The United States has approved a $650 million sale of air-to-air missiles to Saudi Arabia, the Pentagon announced, in what would be the Biden administration’s first major weapons deal with the kingdom.
In a statement on Thursday, the Pentagon said the US State Department approved the sale to help Riyadh counter current and future threats.
“This proposed sale will support US foreign policy and national security of the United States by helping to improve the security of a friendly country that continues to be an important force for political and economic progress in the Middle East,” the Pentagon added.
It added that Massachusetts-based firm Raytheon would be the “principal contractor” for the sale of AIM-120C-7/C-8 Advanced Medium Range Air-to-Air Missiles (AMRAAM) and related equipment.
The sale comes months after Biden claimed he would end US support for Saudi Arabia’s “offensive operations” in Yemen, including “relevant arms sales”.
The State Department’s bureau of political-military affairs noted in a series of tweets on Thursday that the missiles are “not used to engage ground targets”.
“We’ve seen an increase in cross-border attacks against Saudi Arabia over the past year,” it added.
“Saudi AIM-120C missiles, deployed from Saudi aircraft, have been instrumental in intercepting these attacks that also [put] US forces at risk and over 70,000 US citizens in the Kingdom at risk,” it said.
The sale does not require congressional approval, but lawmakers can block the deal by passing a disapproval bill in the Senate and the House of Representatives.
The missile sale follows the US approval of a $500m helicopter maintenance deal for the kingdom in September.
Saudi Arabia’s critics were quick to slam the deal on Thursday.
“This has nothing to do with making the world a better place and everything to do with fueling our defense economy,” Marianne Williamson, an author and former presidential candidate, wrote on Twitter, adding, “America’s economy should not be built around merchandising death.”
As a candidate, Biden berated Saudi Arabia over the Yemen war and the killing of US-based journalist Jamal Khashoggi, calling the kingdom a “pariah”.
A State Department spokesperson stated the air-to-air missile sale is “fully consistent with the Administration’s pledge … to lead with diplomacy to end the conflict in Yemen while also ensuring Saudi Arabia has the means to defend itself from Iranian-backed Houthi air attacks”.

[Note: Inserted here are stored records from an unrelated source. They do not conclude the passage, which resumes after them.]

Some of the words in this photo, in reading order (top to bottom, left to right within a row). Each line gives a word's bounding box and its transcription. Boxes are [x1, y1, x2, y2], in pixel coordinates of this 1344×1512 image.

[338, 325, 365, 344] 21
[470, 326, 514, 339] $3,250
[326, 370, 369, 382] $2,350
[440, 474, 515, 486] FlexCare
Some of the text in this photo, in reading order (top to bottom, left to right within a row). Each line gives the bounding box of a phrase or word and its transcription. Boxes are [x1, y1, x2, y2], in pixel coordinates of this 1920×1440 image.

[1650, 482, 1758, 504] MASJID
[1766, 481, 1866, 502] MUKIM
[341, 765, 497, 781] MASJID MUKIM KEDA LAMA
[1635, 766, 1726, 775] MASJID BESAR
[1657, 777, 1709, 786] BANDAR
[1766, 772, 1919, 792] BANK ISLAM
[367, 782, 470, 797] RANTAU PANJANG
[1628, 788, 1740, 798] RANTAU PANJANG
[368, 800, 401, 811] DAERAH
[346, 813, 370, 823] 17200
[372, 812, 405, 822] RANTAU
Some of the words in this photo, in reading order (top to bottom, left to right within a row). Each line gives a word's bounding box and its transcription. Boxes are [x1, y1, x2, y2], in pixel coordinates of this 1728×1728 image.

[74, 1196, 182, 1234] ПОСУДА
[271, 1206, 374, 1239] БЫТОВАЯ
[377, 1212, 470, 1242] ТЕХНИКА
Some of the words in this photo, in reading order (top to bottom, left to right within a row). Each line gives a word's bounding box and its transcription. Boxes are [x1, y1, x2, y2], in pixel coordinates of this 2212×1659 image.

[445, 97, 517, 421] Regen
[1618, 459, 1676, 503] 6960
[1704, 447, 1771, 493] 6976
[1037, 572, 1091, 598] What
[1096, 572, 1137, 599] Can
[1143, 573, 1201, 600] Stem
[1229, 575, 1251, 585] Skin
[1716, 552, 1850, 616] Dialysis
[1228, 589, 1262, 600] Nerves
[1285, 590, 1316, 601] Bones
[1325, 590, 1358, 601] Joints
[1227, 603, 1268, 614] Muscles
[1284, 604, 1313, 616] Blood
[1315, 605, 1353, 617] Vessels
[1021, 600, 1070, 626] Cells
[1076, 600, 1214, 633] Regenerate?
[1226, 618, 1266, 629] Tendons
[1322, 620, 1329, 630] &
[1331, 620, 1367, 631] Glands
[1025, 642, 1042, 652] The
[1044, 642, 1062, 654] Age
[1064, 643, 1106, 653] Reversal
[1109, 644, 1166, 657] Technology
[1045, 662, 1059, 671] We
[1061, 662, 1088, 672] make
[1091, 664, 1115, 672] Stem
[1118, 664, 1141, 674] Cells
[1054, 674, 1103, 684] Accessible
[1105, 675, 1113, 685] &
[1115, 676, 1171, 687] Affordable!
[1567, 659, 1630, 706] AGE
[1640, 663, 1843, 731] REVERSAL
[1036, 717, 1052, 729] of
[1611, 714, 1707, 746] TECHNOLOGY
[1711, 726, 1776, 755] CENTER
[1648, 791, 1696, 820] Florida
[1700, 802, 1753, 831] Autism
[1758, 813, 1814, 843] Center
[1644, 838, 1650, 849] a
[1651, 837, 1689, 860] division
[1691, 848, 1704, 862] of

The Saudi intervention in Yemen started in 2015 when the kingdom and a coalition of its regional allies started a bombing campaign against the country’s Houthi rebels, who had taken over the capital Sanaa and much of the country.
Saudi Arabia considers the Houthis to be Iran proxies, allegations that both the rebels and Tehran reject. The war has spurred a massive humanitarian crisis and the UN announced last year that approximately 233,000 people had died as a result of the conflict.
Amid increasing cross-border attacks by the Houthis and an offensive by the rebels to take the strategic city of Marib, Saudi Arabia offered a ceasefire in Yemen in March.
But the Houthis rejected the proposal, stressing that the Saudi-led air and sea blockade on the country must be lifted without conditions before the fighting will end.